> YOUR INSTRUCTIONS: Reproduce each record exactly, but exclude every picture.

> SUPPLIED DATA:
Content starts
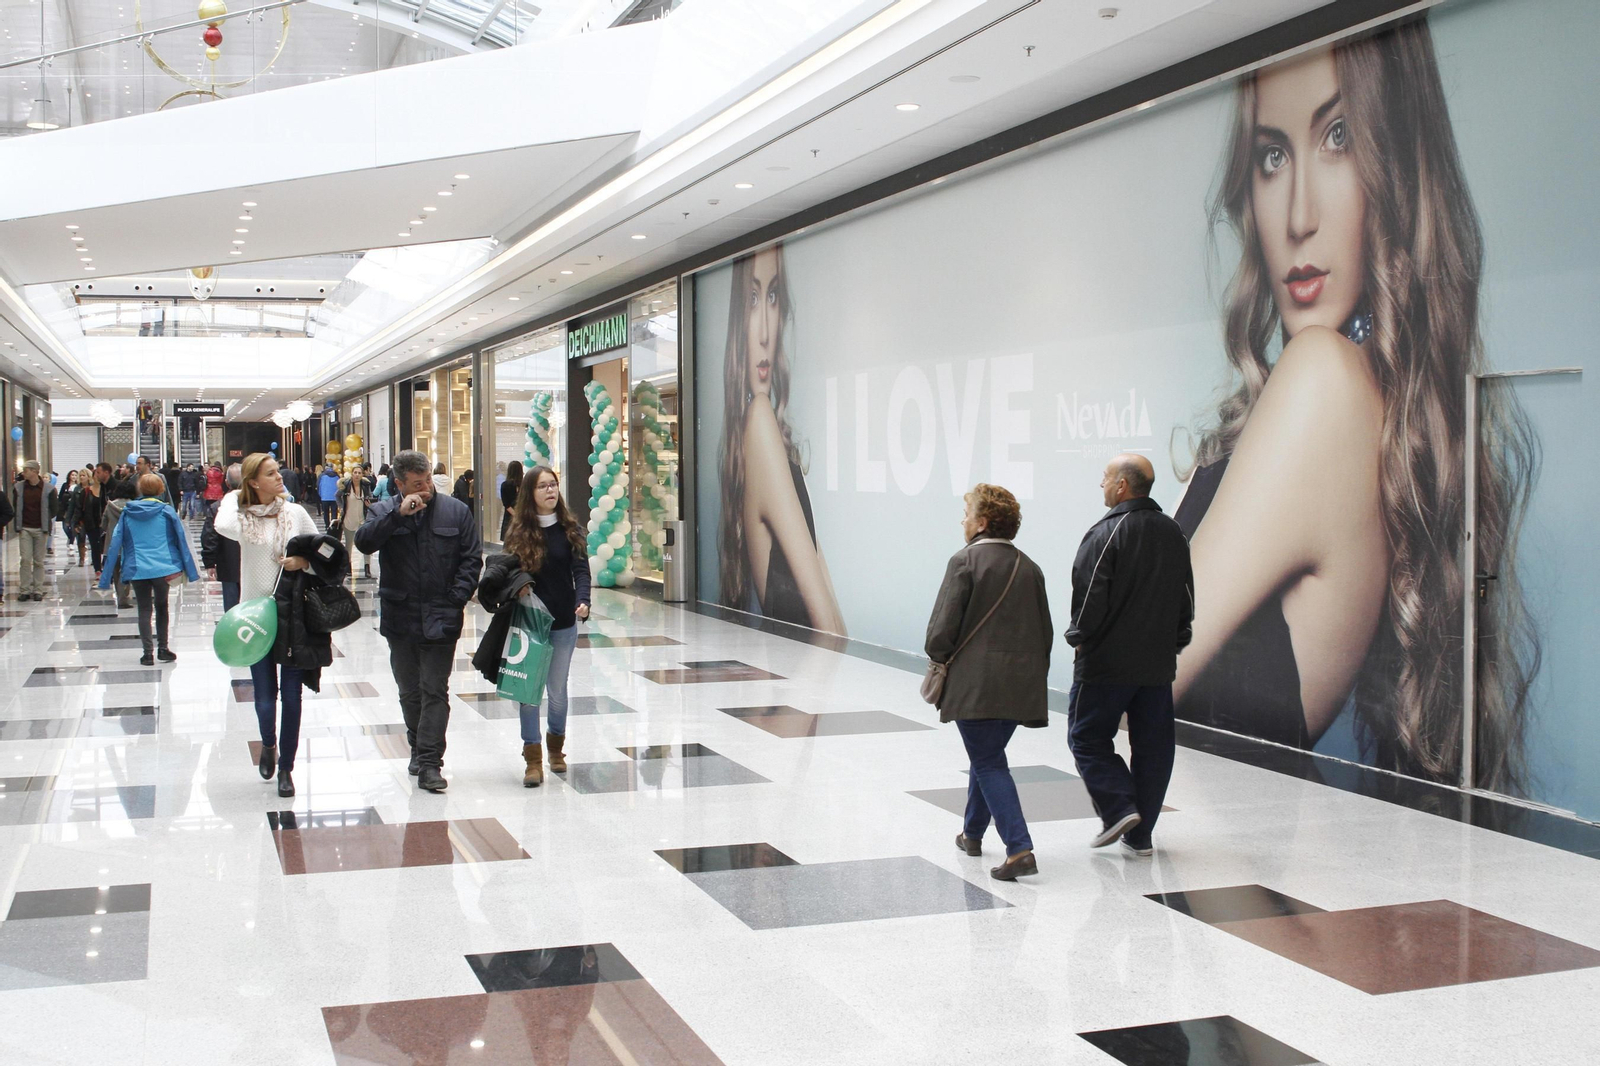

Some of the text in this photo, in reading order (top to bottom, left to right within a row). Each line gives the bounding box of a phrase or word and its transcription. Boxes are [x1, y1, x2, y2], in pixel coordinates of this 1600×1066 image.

[568, 313, 627, 360] DEICHMANN
[826, 352, 1034, 500] I LOVE
[237, 625, 255, 644] D
[501, 626, 529, 665] D
Content ends
> TASK OUTPUT:
Some of the text in this photo, in reading order (top to bottom, left to right within a row). Each line gives the bounding box of a phrase or word and its transcription. Boxes are [x1, y1, x2, y2], in pixel coordinates of this 1600×1066 image.

[568, 313, 627, 360] DEICHMANN
[826, 352, 1034, 500] I LOVE
[237, 625, 255, 644] D
[501, 626, 529, 665] D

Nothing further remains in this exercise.